Bone marrow-derived mesenchymal stem cells utilize the notch signaling pathway to induce apoptosis of hepatic stellate cells via NF-κB sensor

The present study aimed at evaluating the mechanism by which functionality of hepatic stellate cells (HSCs) is modulated by bone marrow stromal cells (BMSCs). Induction of apoptosis in HSCs was found to be caused by directly co-culturing HSCs with BMSCs, where the expression of alpha-smooth muscle actin (alpha-SMA) increased significantly in HSCs, along with an increase in their proliferation rate. Additionally, expression of Hes1 and Notch1 in HSCs co-cultured with BMSCs increased significantly at both protein and mRNA levels. Blocking of the notch signaling pathway (NSP) either by Notch1 siRNA or by DAPT treatment increased the proliferation rate while decreasing apoptosis and led to activation of the NF-kappa B signaling pathway in HSCs co-cultured with BMSCs. These effects were found to be reversed in HSCs overexpressing I kappa B S32/S36 mutants.

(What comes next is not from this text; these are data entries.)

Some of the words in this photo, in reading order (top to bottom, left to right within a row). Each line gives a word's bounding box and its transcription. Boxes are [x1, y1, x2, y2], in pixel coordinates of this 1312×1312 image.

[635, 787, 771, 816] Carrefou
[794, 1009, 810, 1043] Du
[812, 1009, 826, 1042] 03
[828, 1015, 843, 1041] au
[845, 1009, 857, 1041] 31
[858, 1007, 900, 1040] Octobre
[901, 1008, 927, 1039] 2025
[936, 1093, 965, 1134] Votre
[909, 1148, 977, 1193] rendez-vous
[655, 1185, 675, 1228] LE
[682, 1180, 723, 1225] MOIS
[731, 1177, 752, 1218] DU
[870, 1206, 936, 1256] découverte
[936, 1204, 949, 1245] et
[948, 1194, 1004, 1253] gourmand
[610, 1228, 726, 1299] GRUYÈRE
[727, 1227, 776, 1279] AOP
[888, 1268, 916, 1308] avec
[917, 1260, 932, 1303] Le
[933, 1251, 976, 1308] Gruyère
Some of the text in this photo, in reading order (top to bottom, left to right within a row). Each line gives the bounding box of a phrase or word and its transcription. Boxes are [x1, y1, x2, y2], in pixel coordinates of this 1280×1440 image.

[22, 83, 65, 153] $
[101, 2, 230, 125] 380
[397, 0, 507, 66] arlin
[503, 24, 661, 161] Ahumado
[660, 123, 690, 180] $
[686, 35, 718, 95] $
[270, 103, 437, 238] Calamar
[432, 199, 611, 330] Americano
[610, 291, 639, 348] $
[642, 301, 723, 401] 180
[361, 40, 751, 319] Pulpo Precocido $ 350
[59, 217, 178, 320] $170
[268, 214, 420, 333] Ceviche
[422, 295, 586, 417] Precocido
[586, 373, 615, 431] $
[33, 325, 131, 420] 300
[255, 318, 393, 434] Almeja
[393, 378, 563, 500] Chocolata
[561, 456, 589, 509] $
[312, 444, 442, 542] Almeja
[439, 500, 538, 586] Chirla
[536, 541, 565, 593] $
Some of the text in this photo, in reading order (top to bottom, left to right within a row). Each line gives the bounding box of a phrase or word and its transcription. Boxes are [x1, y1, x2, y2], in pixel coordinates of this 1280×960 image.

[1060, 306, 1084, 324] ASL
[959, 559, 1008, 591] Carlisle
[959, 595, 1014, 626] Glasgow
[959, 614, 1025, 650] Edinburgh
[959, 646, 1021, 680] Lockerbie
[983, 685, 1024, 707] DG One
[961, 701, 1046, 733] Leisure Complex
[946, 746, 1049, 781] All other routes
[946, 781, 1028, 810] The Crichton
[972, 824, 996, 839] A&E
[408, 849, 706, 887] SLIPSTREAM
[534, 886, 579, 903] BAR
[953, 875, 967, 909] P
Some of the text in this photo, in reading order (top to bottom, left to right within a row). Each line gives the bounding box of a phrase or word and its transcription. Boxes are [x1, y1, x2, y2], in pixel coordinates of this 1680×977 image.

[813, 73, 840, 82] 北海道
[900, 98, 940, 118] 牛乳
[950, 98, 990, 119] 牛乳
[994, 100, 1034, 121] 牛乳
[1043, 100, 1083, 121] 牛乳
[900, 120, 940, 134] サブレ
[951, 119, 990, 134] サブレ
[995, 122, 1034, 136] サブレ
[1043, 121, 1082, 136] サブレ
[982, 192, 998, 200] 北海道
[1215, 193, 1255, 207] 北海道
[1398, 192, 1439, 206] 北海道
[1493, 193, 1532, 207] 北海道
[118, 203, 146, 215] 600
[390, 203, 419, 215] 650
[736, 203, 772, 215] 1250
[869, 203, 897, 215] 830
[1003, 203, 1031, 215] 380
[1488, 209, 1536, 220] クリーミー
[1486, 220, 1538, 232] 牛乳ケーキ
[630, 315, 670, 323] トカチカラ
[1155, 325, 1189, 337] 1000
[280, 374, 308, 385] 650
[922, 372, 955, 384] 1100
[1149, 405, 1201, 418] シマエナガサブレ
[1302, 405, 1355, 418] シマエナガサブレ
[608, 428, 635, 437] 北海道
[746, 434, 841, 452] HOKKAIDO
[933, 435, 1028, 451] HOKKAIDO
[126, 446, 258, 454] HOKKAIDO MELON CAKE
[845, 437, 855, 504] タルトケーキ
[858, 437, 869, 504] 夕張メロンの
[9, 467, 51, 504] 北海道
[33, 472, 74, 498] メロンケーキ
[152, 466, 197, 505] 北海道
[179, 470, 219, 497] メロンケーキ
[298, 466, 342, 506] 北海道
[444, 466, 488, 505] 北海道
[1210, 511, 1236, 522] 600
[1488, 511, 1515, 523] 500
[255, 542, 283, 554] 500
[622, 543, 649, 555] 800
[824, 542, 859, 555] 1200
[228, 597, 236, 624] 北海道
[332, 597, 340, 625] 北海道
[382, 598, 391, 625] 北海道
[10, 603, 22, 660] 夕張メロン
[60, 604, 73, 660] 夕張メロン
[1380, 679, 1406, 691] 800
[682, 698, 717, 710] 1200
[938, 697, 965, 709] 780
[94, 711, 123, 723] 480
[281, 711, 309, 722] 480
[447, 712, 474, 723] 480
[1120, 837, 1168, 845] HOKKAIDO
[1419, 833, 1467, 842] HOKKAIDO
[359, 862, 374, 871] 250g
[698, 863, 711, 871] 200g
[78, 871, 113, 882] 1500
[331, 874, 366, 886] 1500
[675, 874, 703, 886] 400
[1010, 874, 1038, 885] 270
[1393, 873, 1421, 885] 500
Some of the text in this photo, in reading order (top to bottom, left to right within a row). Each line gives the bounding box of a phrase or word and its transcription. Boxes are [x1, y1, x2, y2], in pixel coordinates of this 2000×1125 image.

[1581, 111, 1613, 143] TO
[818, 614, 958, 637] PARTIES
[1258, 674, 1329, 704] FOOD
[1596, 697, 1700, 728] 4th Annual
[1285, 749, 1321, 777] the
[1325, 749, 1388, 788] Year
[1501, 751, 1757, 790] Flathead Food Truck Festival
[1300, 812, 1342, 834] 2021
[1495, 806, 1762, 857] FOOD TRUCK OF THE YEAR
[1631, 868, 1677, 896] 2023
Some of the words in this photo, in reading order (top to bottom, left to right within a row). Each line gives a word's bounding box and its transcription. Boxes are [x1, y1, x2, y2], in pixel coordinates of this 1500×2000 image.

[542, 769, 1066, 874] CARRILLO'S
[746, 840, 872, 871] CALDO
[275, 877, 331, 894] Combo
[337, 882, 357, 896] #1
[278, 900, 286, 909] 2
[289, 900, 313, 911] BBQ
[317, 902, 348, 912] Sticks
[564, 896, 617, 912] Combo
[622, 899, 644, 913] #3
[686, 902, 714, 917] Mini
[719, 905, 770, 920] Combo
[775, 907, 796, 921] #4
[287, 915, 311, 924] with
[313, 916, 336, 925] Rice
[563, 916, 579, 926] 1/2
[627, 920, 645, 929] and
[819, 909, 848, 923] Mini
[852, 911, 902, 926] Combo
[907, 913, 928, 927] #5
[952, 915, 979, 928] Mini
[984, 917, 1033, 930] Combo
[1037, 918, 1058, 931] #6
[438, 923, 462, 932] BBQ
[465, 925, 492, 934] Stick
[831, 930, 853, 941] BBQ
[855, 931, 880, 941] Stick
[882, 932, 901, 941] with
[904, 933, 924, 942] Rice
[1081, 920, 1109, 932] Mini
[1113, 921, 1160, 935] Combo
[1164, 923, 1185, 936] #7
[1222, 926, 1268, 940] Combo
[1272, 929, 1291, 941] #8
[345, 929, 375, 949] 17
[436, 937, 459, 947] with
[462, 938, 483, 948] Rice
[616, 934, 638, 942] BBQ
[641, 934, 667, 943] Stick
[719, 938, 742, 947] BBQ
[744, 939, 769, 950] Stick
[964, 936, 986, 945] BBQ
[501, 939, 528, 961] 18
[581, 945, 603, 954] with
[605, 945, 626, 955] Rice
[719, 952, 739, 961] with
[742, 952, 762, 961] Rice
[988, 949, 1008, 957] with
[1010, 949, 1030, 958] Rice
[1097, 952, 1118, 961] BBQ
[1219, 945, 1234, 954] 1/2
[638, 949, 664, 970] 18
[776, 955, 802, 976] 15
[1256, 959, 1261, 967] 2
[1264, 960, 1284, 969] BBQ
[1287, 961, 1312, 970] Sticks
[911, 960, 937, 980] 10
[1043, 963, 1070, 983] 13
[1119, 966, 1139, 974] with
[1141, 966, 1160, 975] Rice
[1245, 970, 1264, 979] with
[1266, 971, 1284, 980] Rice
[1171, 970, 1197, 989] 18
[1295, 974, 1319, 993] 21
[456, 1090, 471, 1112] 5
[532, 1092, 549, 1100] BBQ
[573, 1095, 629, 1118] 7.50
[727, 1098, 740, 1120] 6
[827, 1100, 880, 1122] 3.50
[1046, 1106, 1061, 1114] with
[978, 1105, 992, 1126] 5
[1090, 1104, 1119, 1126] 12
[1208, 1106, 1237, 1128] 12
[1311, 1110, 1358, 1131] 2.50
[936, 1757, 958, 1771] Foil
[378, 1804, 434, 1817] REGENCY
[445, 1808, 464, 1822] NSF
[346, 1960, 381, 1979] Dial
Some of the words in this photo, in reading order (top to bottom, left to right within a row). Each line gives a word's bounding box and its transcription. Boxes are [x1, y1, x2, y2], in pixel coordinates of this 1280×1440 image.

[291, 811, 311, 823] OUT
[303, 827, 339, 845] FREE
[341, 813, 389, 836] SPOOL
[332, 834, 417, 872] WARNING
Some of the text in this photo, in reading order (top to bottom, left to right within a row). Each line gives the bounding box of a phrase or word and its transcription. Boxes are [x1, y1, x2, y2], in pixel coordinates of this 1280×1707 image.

The Notch signaling-mediated cell-cell contact was partially involved in the significant inhibition of proliferation of HSCs by BMSCs. Additionally, the NF-kappa B pathway was found to be responsible for NSP-mediated inhibition of growth of HSCs in the co-culture system. Thus, BMSCs might have a potential therapeutic significance in treating hepatic fibrosis.